Define MeasureOverride Logic

The last step is to implement our overrides for the MeasureOverride() and ArrangeOverride().  For the measurement pass we sum up the widths or heights (depending on the orientation) taking into account the percentage of overlap requested.

protected override Size MeasureOverride(Size availableSize)
{
    Size infinietSize = new Size(double.PositiveInfinity, double.PositiveInfinity);
    double overlapPercentageDouble = (double)OverlapPercentage / 100.0;
    double unoverlapPercentageDouble = 1.0 - ((double)OverlapPercentage / 100.0);

    double totalWidths = 0;
    double totalHeights = 0;

    // get total widths of each child                       
    foreach (UIElement child in Children)
    {
        child.Measure(availableSize);
        if (child.Visibility != Visibility.Collapsed)
        {
            if (Orientation == Orientation.Horizontal)
            {
                totalWidths += child.DesiredSize.Width * overlapPercentageDouble;
                totalHeights = (child.DesiredSize.Height > totalHeights) ? child.DesiredSize.Height : totalHeights;
            }
            else
            {
                totalHeights += child.DesiredSize.Height * overlapPercentageDouble;
                totalWidths = (child.DesiredSize.Width > totalWidths) ? child.DesiredSize.Width : totalWidths;
            }
        }
    }

    if (Orientation == Orientation.Horizontal)
        totalWidths += unoverlapPercentageDouble;
    else
        totalHeights += unoverlapPercentageDouble;


    Size resultSize = new Size();
    resultSize.Width = double.IsPositiveInfinity(availableSize.Width) ? totalWidths : availableSize.Width;
    resultSize.Height = double.IsPositiveInfinity(availableSize.Height) ? totalHeights : availableSize.Height;
                
    return resultSize;
}

Define ArrangeOverride Logic 

For the Arrange layout pass we layout the children taking into account the percentage of overlap for each child item as set on the control.

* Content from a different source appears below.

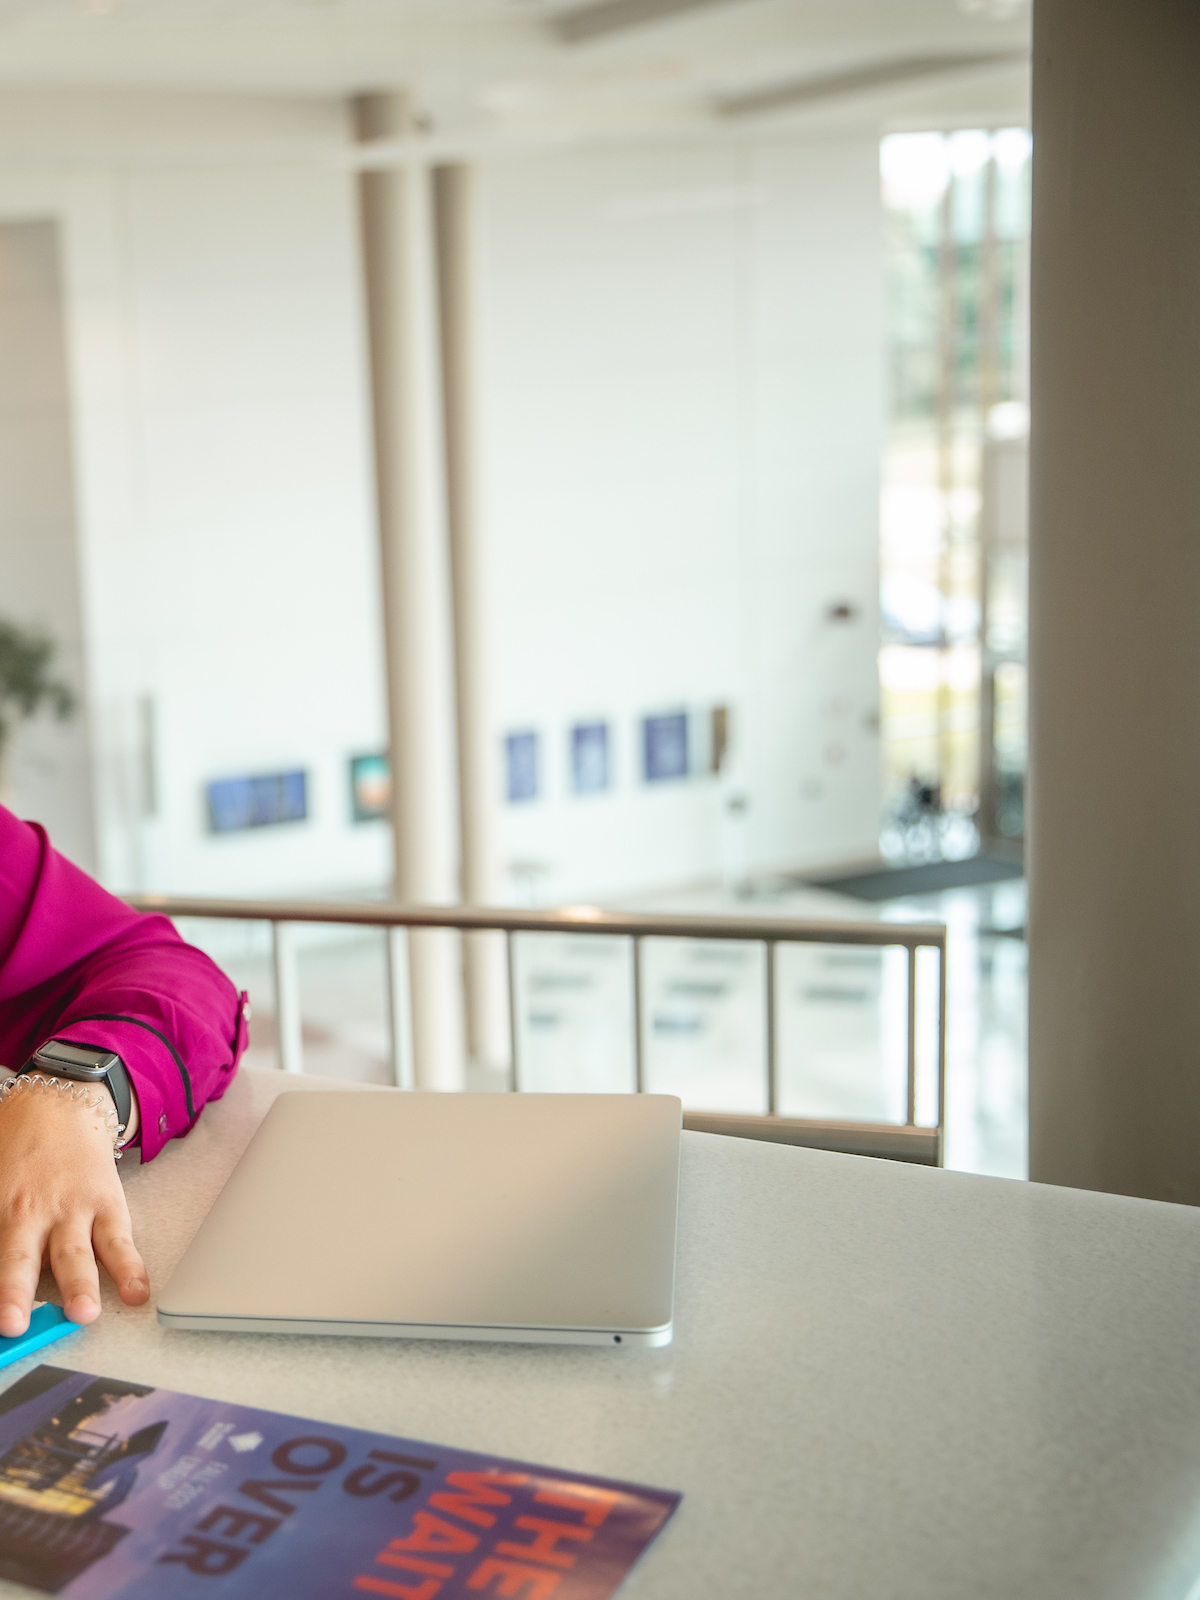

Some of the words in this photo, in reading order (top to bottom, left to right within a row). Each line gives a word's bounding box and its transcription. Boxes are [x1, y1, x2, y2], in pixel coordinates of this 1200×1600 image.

protected override Size ArrangeOverride(Size finalSize)
{
    if (Children.Count == 0)
        return finalSize;

    double availableWidth = finalSize.Width;
    double availableHeight = finalSize.Height;
    double totalWidths = 0;
    double totalHeights = 0;

    double overlapPercentageDouble = (double)OverlapPercentage / 100.0;
    double unoverlapPercentageDouble = 1.0 - overlapPercentageDouble;

    // get total widths of each child                        
    foreach (UIElement child in Children)
    {
        if (child.Visibility != Visibility.Collapsed)
        {
            if (Orientation == Orientation.Horizontal)
            {
                totalWidths += child.DesiredSize.Width * overlapPercentageDouble;
                totalHeights = finalSize.Height;
            }
            else
            {
                totalHeights += child.DesiredSize.Height * overlapPercentageDouble;
                totalWidths = finalSize.Width;
            }
        }
    }

    if ((Orientation == Orientation.Horizontal && (availableWidth < 0 || totalWidths <= 0)) ||
        (Orientation == Orientation.Vertical && (availableHeight < 0 || totalHeights <= 0)))
    {
        return finalSize;
    }

    if (Orientation == Orientation.Horizontal)
        totalWidths += unoverlapPercentageDouble;
    else
        totalHeights += unoverlapPercentageDouble;

    double left = 0;
    double top = 0;
    foreach (UIElement child in Children)
    {
        child.Arrange(new Rect(new Point(left, top), new Size(child.DesiredSize.Width, child.DesiredSize.Height)));
        if (Orientation == Orientation.Horizontal)
        {
            left += child.DesiredSize.Width * unoverlapPercentageDouble;
        }
        else
        {
            top += child.DesiredSize.Height * unoverlapPercentageDouble;
        }
    }

    return new Size(totalWidths, totalHeights);//finalSize;
}
That sums up what’s needed to implement a fairly handy overlapped StackPanel. Similar logic can be used for a WrapPanel as well.